As an exercise, transcribe the data below in full and exactly, omitting pictures.

- - - - - - -

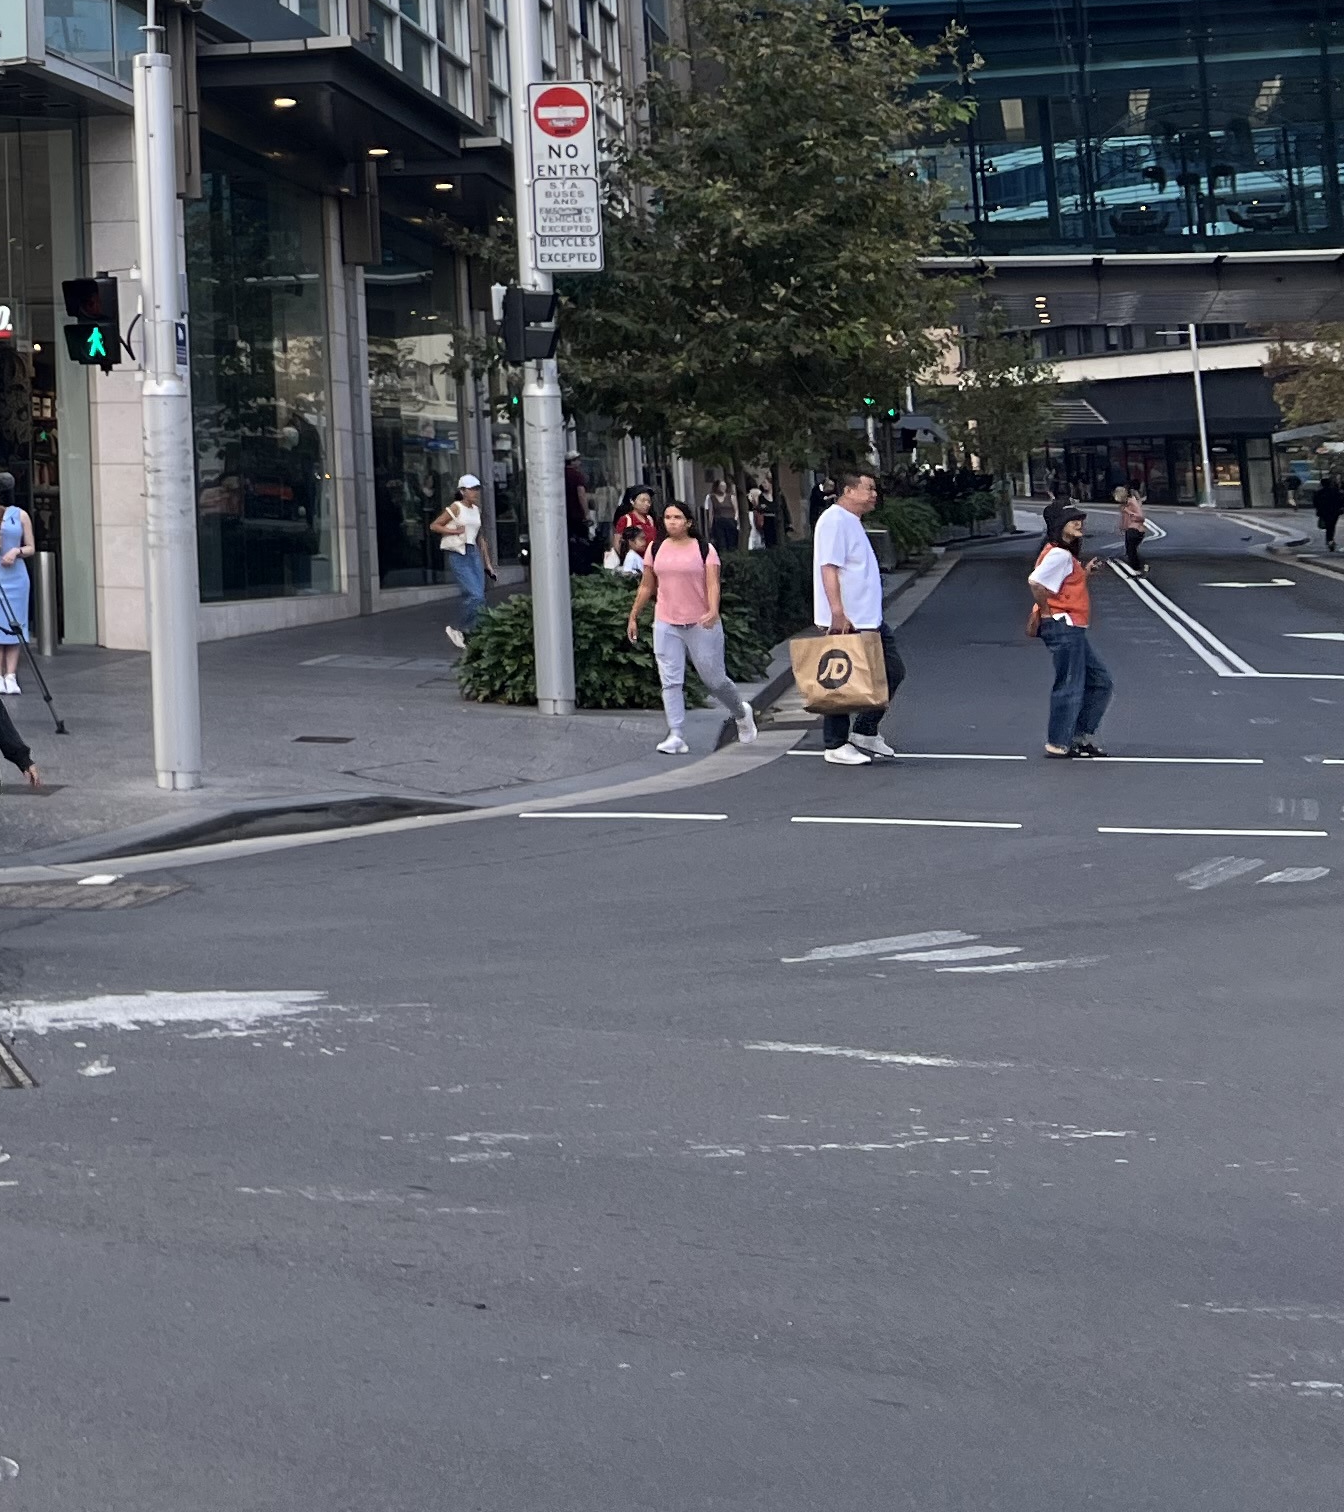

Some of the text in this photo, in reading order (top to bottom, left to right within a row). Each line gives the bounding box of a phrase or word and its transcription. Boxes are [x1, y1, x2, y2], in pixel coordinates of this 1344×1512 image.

[548, 144, 579, 159] NO
[537, 164, 591, 177] ENTRY
[544, 190, 585, 199] BUSES
[542, 215, 592, 224] VEHICLES
[541, 225, 593, 233] EXCEPTED
[540, 237, 596, 248] BICYCLES
[539, 253, 597, 263] EXCEPTED
[819, 658, 847, 681] JD

- - - - - - -

§ RESPONSE TO THE EXERCISE
Some of the text in this photo, in reading order (top to bottom, left to right within a row). Each line gives the bounding box of a phrase or word and its transcription. Boxes are [x1, y1, x2, y2], in pixel coordinates of this 1344×1512 image.

[548, 144, 579, 159] NO
[537, 164, 591, 177] ENTRY
[544, 190, 585, 199] BUSES
[542, 215, 592, 224] VEHICLES
[541, 225, 593, 233] EXCEPTED
[540, 237, 596, 248] BICYCLES
[539, 253, 597, 263] EXCEPTED
[819, 658, 847, 681] JD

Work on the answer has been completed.